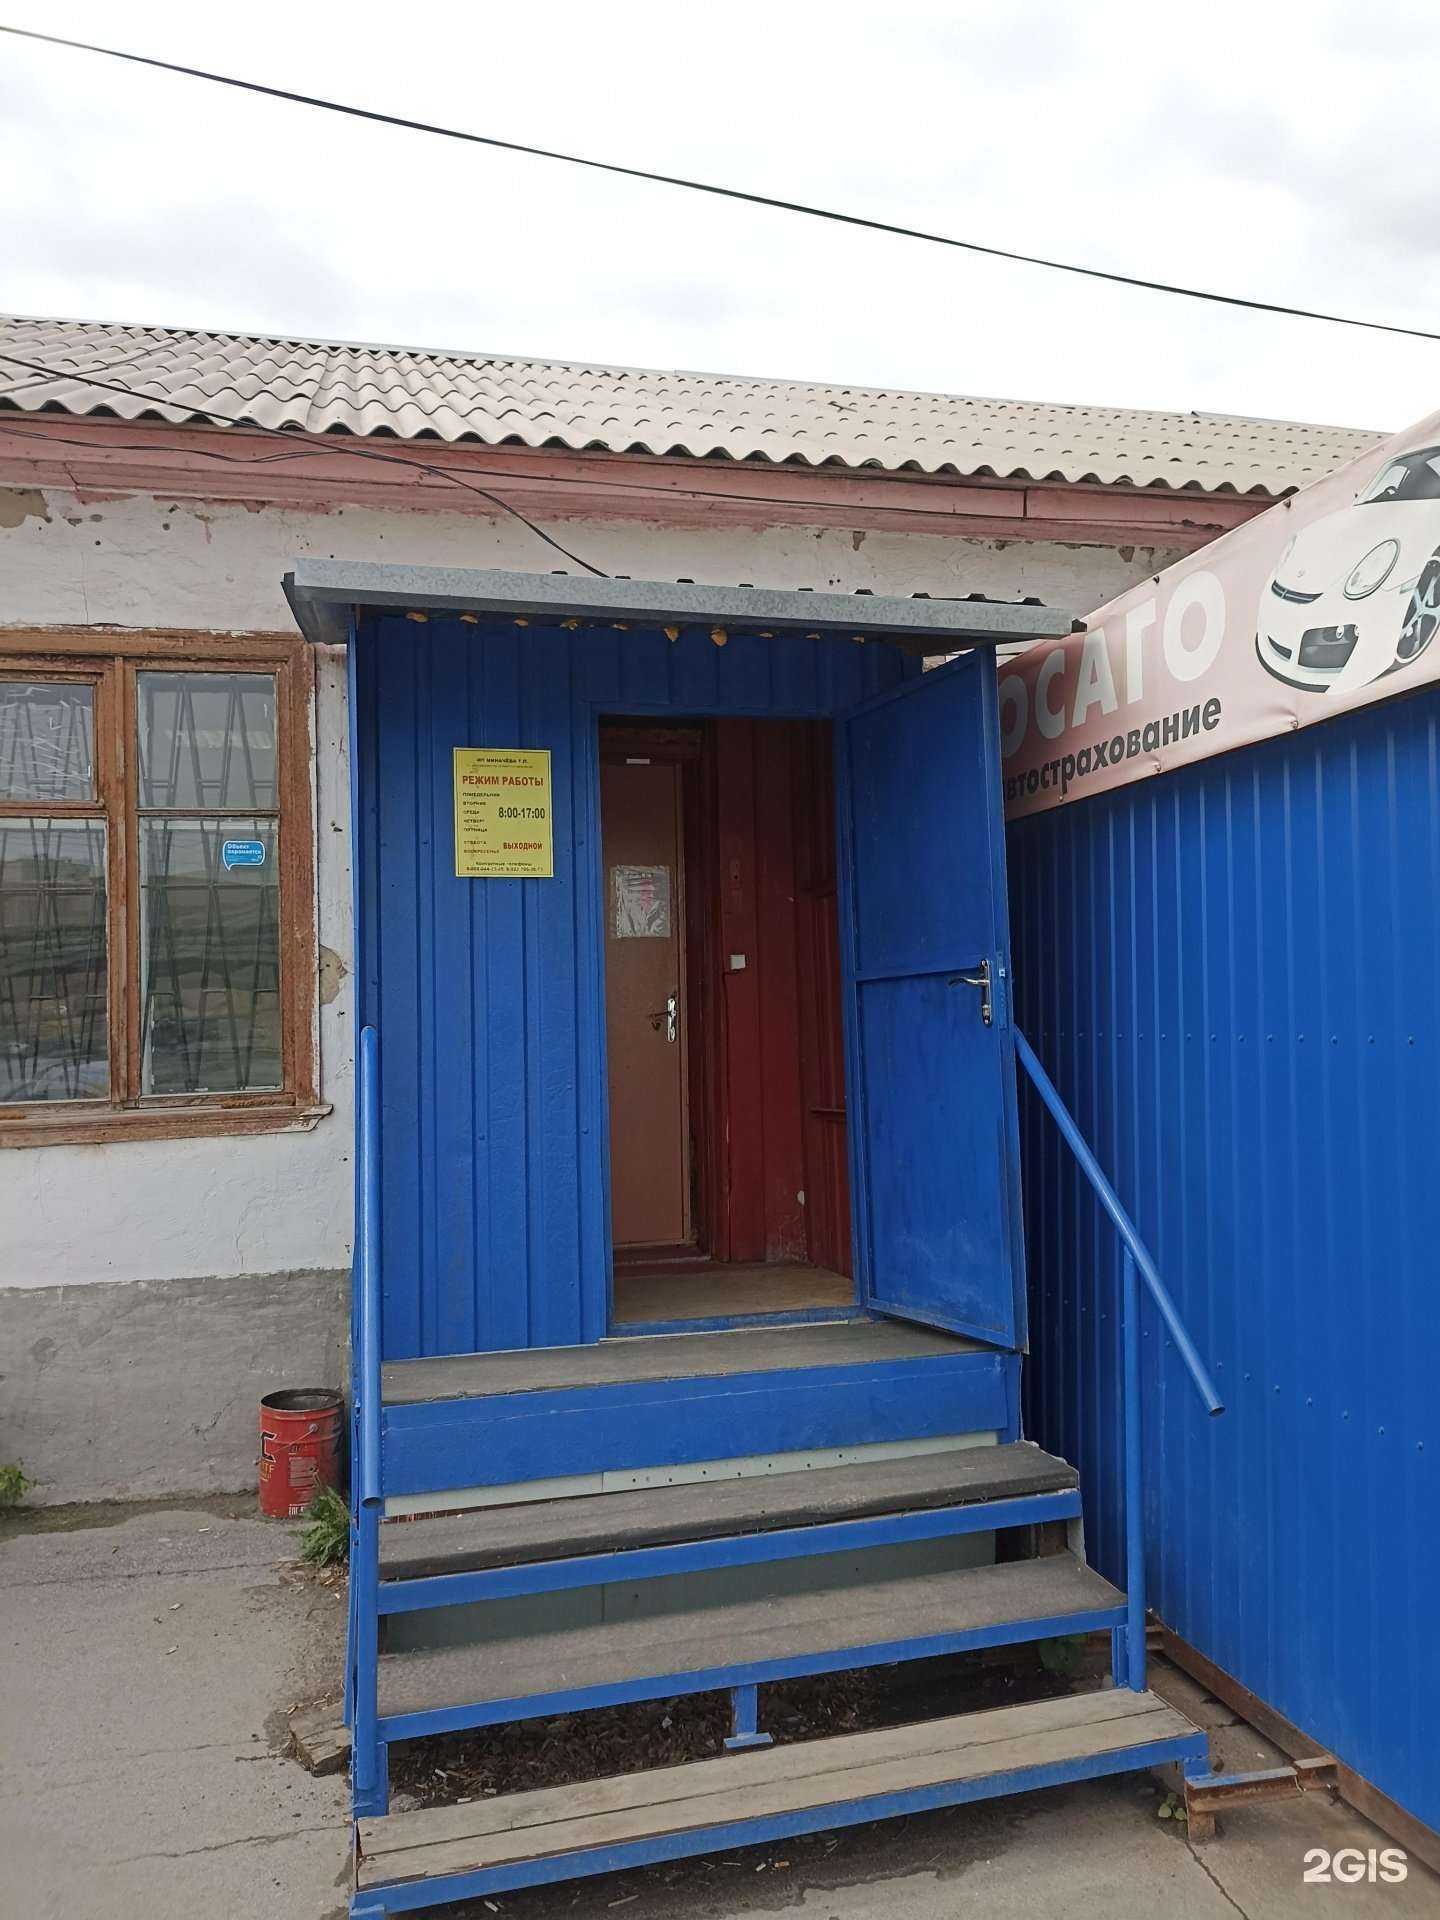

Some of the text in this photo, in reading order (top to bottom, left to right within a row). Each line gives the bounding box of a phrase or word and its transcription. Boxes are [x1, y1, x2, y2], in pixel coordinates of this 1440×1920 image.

[1000, 569, 1226, 759] ОСАГО
[1005, 697, 1222, 799] втострахование
[462, 775, 544, 786] РЕЖИМ РАБОТЫ
[498, 807, 545, 819] 8:00-17:00
[503, 841, 543, 851] ВЫХОДНОЙ

───

▶ **What you need to do**: In transcribing the material above, reproduce each line exactly and include none of the pictures.

▶ **Exercise answer**:
Some of the text in this photo, in reading order (top to bottom, left to right within a row). Each line gives the bounding box of a phrase or word and its transcription. Boxes are [x1, y1, x2, y2], in pixel coordinates of this 1440×1920 image.

[1000, 569, 1226, 759] ОСАГО
[1005, 697, 1222, 799] втострахование
[462, 775, 544, 786] РЕЖИМ РАБОТЫ
[498, 807, 545, 819] 8:00-17:00
[503, 841, 543, 851] ВЫХОДНОЙ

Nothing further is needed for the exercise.